As we have seen from previous posts, the NEM is a complex place. With the benefit of hindsight, a number of these factors become quite clear. Sometimes, seeing things in hindsight is not enough and foresight is needed.
Specifically the post will look at hedge levels. Hedge levels will, to a large extend, define bidding behaviour unless there are physical issues with the plant. In my experience, the prime motivation for a generator is to have the prices as high as possible if they are generating above their contract position. This is also known as the price/volume trade off as generators can be in a situation where reducing their expected output (volume) could increase price (or vice versa).

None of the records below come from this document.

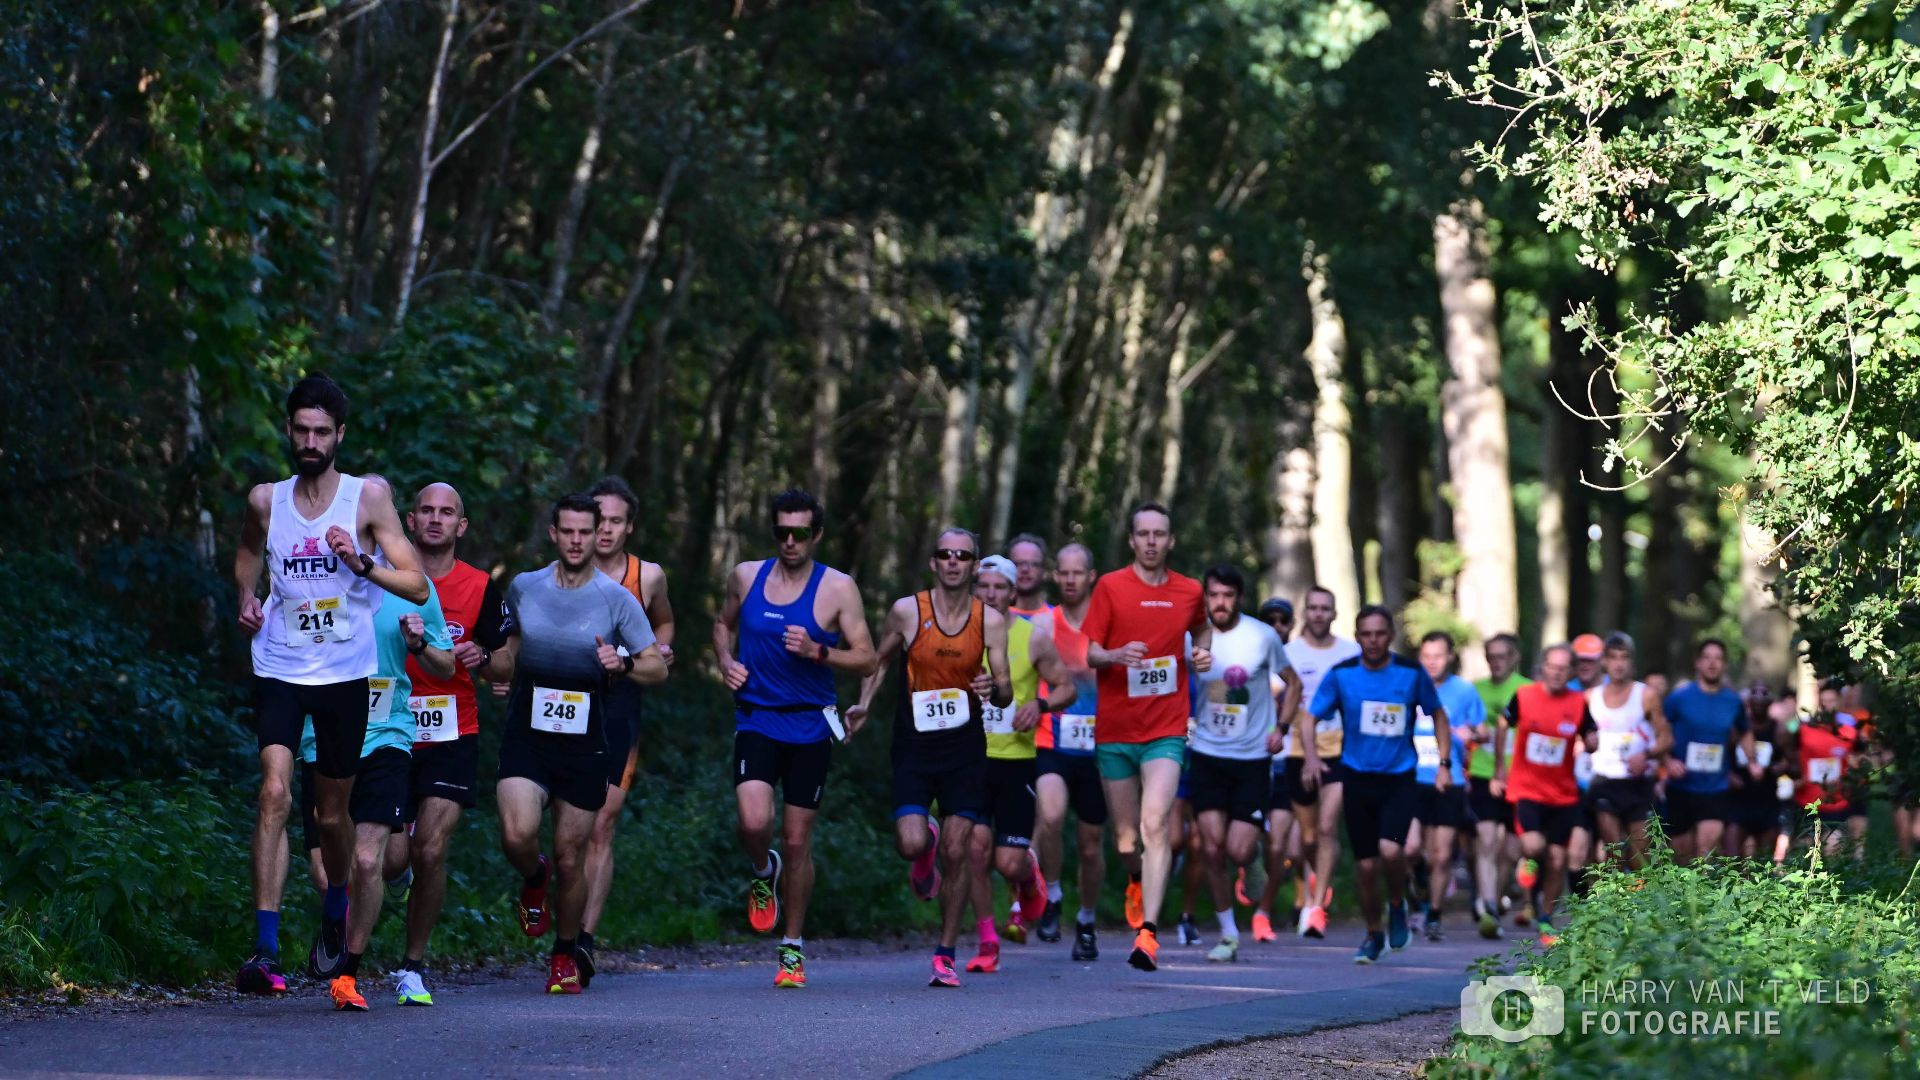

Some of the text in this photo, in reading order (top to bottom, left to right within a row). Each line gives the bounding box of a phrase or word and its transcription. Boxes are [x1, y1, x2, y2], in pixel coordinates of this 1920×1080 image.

[283, 557, 338, 576] MTFU
[298, 611, 334, 631] 214
[1140, 669, 1168, 685] 289
[543, 702, 576, 720] 248
[926, 701, 956, 718] 316
[982, 708, 1003, 721] 33
[1212, 712, 1236, 726] 272
[1371, 711, 1397, 725] 243
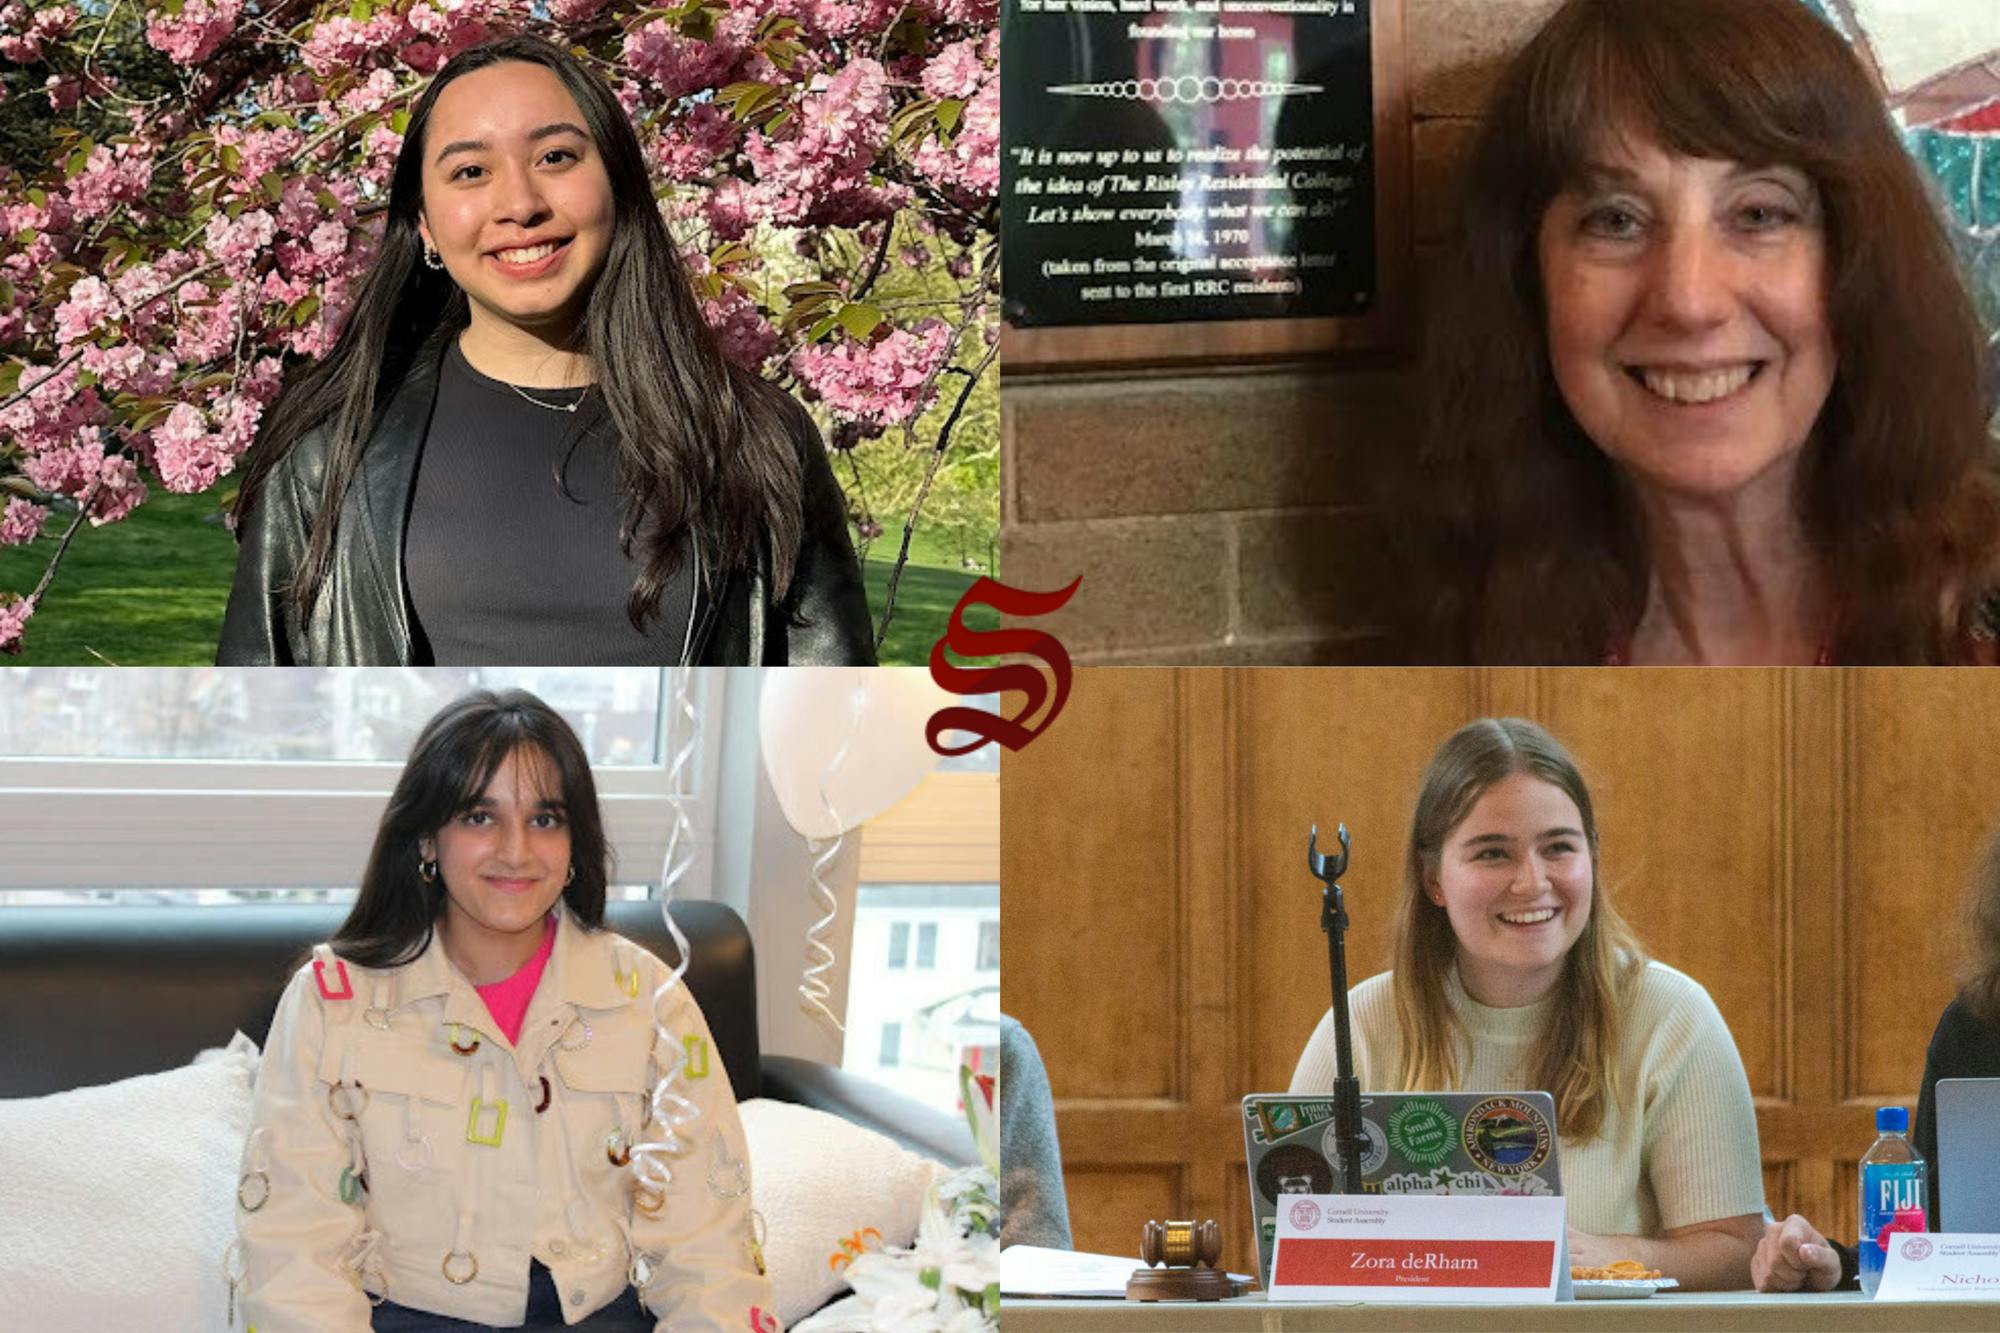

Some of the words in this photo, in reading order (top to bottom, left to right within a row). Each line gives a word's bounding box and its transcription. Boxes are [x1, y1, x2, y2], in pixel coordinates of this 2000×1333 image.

[1038, 148, 1052, 164] is
[1057, 151, 1092, 163] now
[1096, 151, 1120, 168] up
[1122, 149, 1140, 163] to
[1143, 150, 1162, 163] us
[1166, 149, 1183, 163] to
[1187, 145, 1241, 161] realize
[1245, 145, 1270, 160] the
[1272, 144, 1344, 165] potential
[1015, 176, 1042, 194] the
[1047, 176, 1084, 194] idea
[1086, 175, 1108, 197] of
[1110, 175, 1141, 192] The
[1144, 173, 1196, 194] Risley
[1200, 172, 1289, 190] Residential
[1027, 206, 1068, 223] Let's
[1072, 204, 1116, 222] show
[1119, 202, 1204, 225] everybody
[1207, 202, 1248, 218] what
[1251, 206, 1275, 218] we
[1277, 205, 1308, 218] can
[1214, 229, 1249, 244] 1970
[1041, 258, 1091, 279] (taken
[1093, 258, 1131, 274] from
[1133, 256, 1157, 272] the
[1159, 254, 1217, 274] original
[1219, 254, 1298, 272] acceptance
[1080, 285, 1112, 300] sent
[1115, 285, 1131, 298] to
[1134, 282, 1157, 298] the
[1160, 281, 1191, 297] first
[1194, 279, 1230, 295] RRC
[1404, 1116, 1437, 1135] Small
[1465, 1099, 1507, 1151] ADIRONDACK
[1509, 1100, 1549, 1150] MOUNTAINS
[1407, 1128, 1443, 1147] Farms
[1386, 1177, 1433, 1193] alpha
[1455, 1174, 1481, 1189] chi
[1880, 1179, 1920, 1211] FIJI
[1327, 1207, 1352, 1216] Cornell
[1353, 1207, 1389, 1217] University
[1327, 1217, 1352, 1225] Student
[1353, 1217, 1386, 1226] Assembly
[1350, 1251, 1396, 1269] Zora
[1401, 1251, 1479, 1270] deRham
[1395, 1275, 1431, 1283] President

This price/volume trade-off usually involves covering contracts as long as the prices in the spot market are above the cost of production (short run marginal cost – SRMC). If the price is below SRMC, it is cheaper to buy from the spot market than generate. Above their contract levels they will usually try and achieve as high a price as possible while generating as much as possible. If they cannot meet their contract levels, they will want to have the price as low as possible. In order to estimate SRMC I used the report from ACIL Tasman which is publicly available.
Structure of Contracts
The contract position can be different from one half hour to the next and will be made up of different products.
The standard contracts have peak periods (7:30 to 22:00 on working week days) and non-peak periods (all other periods). These are the most traded contracts but counterparties are free to agree any period(s).
Usually the contracts are annual or quarterly. This means that the position typically changes with the calendar quarter.
The contract doesn’t have to perfectly cover the spot price. If a participant only wants to cover itself when the price is above a certain threshold (usually $300/MWh) they can purchase a cap contract. This is usually purchased by retailers to protect themselves against coincidences of price increasing while their demand increases or as an alternative to purchasing a standard contract.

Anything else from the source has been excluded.